A broad spectrum of the most influential people in Sweden from such fields as politics, popular culture, and media have been contacted and invited to participate in the project by using one of the average citizen Marianne’s opinions in a public context with high opinion-forming potential. As with all effective lobbying, Marianne’s views are presented indirectly, so the public is unaware of the identity of the originator of the opinions.

Media Channels

To date, the average citizen Marianne’s opinions have reached millions of people on a large number of occasions, e.g., by way of a speech by a leading politician, an editorial in a major newspaper, a line in a popular TV series, and a theme for a public debate program.

Public Opinion

During the course of the project, opinion polls have been conducted both before and after an opinion has been introduced to the public to determine the effect the average citizen Marianne’s views have had on public opinion, which she statistically represents.  
Installation of The average Citizen at Citizens, PM Gallery & House, London

The Background of the Project

Statistics have been one of the 20th century's most effective instruments for social change. By incarnating the goals of the sciences – to be able to translate a complex reality into a rational and easy-to-grasp model, statistical type, median and mean values have formed the very foundation of Swedish social engineering. In the popularisation of statistics, a typical individual who summarises all the characteristics of a nation or some other population group has often been used.

This fictitious, statistical person, who is referred to in Sweden as "the average person", "the average Svensson" or "the average citizen" provides the basis for research, debate and planning by government agencies of most public sectors of society that affect the daily lives of citizens. But even other parts of the society such as commerce and industry, trade, the media, advertising and the services sector largely adapt their services and products to the average preferences of the clientele they are focused on.  Last but not least, the principle that an individual citizen may represent a larger population is the very foundation of representative democracy, in that political representatives are elected in general elections. 

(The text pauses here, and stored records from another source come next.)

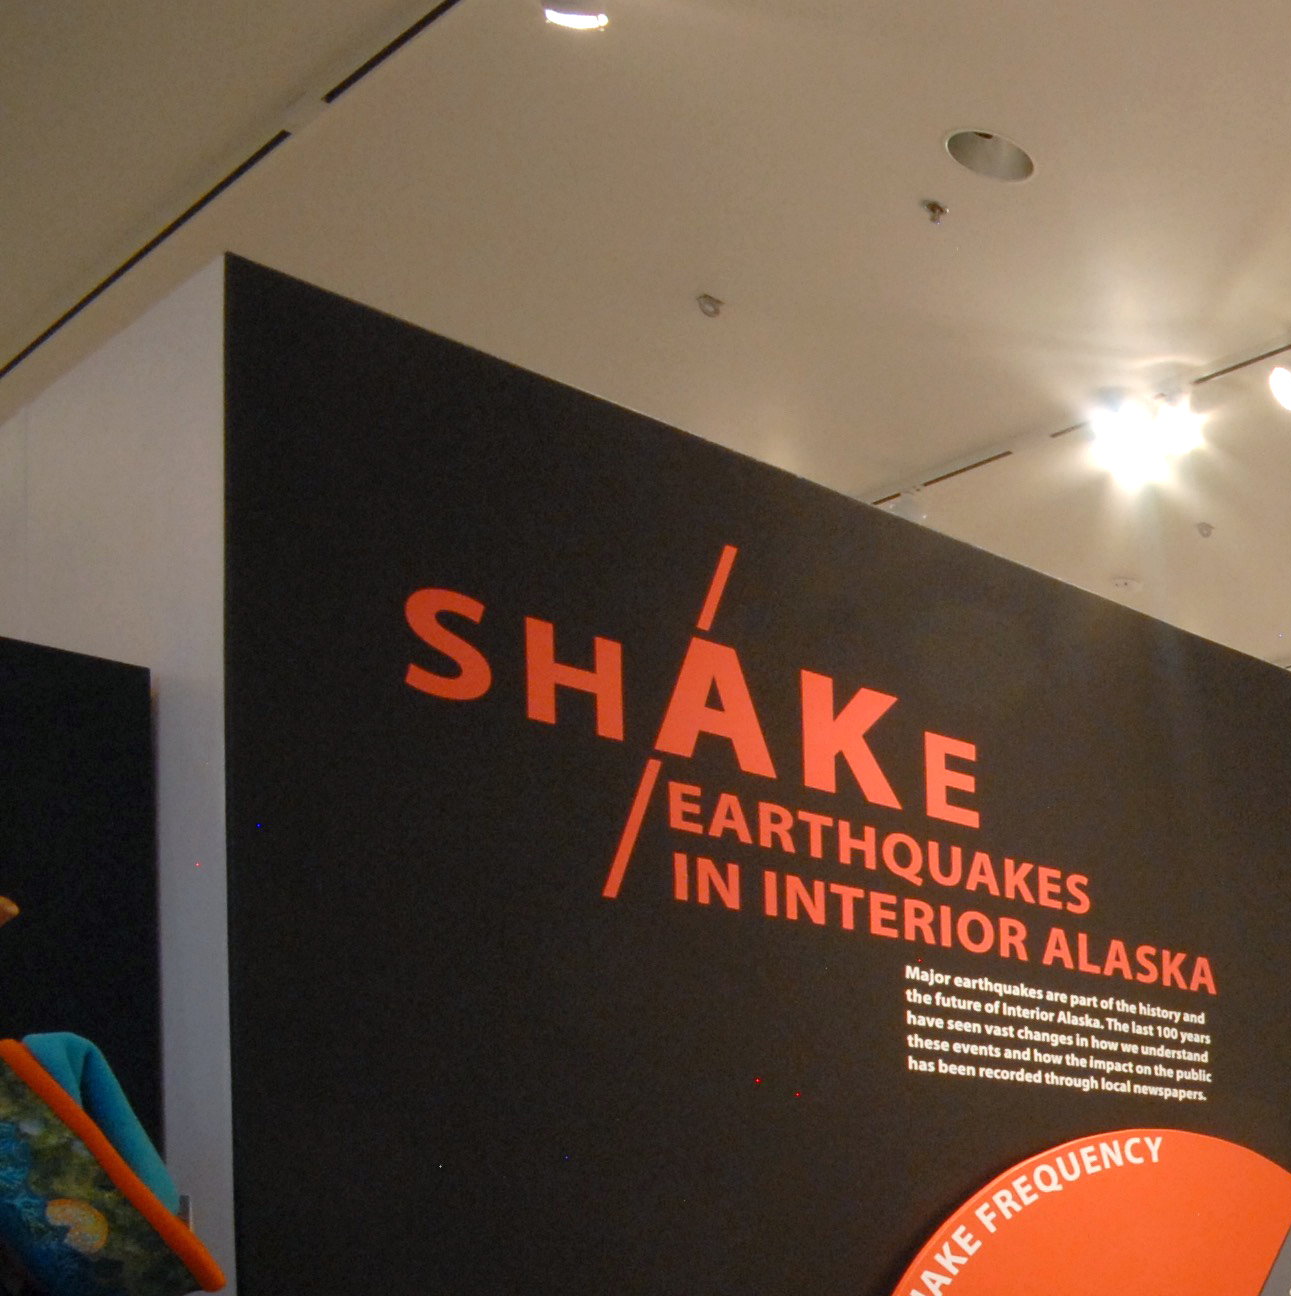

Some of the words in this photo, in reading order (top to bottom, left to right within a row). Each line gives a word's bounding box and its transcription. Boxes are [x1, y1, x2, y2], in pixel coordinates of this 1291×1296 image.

[404, 587, 981, 829] SHAKE
[668, 780, 1092, 916] EARTHQUAKES
[673, 852, 740, 911] IN
[763, 871, 1028, 963] INTERIOR
[1043, 930, 1218, 996] ALASKA
[905, 965, 951, 986] Major
[954, 977, 1043, 999] earthquakes
[1046, 991, 1067, 1003] are
[1070, 995, 1098, 1008] part
[1100, 998, 1114, 1010] of
[1116, 1000, 1136, 1014] the
[1139, 1002, 1181, 1023] history
[1183, 1012, 1205, 1024] and
[906, 989, 932, 1004] the
[935, 992, 982, 1012] future
[984, 1001, 1000, 1014] of
[1003, 1002, 1055, 1022] Interior
[1057, 1011, 1104, 1029] Alaska.
[1106, 1018, 1129, 1032] The
[1132, 1021, 1153, 1036] last
[1157, 1026, 1178, 1039] 100
[1180, 1032, 1211, 1044] years
[907, 1010, 944, 1029] have
[947, 1020, 981, 1033] seen
[984, 1025, 1014, 1038] vast
[1017, 1026, 1073, 1047] changes
[1076, 1033, 1088, 1047] in
[1091, 1035, 1118, 1051] how
[1121, 1043, 1139, 1054] we
[1141, 1045, 1208, 1063] understand
[907, 1034, 949, 1051] these
[953, 1042, 1001, 1057] events
[1004, 1048, 1031, 1061] and
[1034, 1049, 1063, 1064] how
[1065, 1053, 1087, 1068] the
[1089, 1056, 1133, 1073] impact
[1136, 1065, 1151, 1075] on
[1154, 1064, 1174, 1078] the
[1176, 1068, 1211, 1082] public
[908, 1055, 935, 1072] has
[938, 1059, 976, 1076] been
[979, 1067, 1042, 1083] recorded
[1044, 1072, 1098, 1091] through
[1101, 1077, 1131, 1092] local
[1133, 1084, 1206, 1101] newspapers.
[975, 1136, 1165, 1234] FREQUENCY

The current democratic system is, however, facing a number of serious problems in Sweden (as in many other countries). In an inquiry into democracy commissioned by the Swedish government (Demokratiutredningen), it was found that civic engagement has declined and that the interest in political issues that does in fact exist has shifted away from the traditional party politics to "single-issue organisations". 

At the same time, the political influence of commerce and industry and the major interest groups has increased through professional lobbying, and political parties have also become increasingly dependent on PR consultants and effective marketing to get attention for their issues.  In an increasingly mediatised and lobbying-dependent public conversation, the individual citizen's opportunities for getting an issue onto the political agenda are fairly limited. Sweden's representative democratic system gives every citizen a statutory influence at the ballot box every four years. Between elections, the citizen only has recourse to writing to a representative or contacting their local member of the parliament.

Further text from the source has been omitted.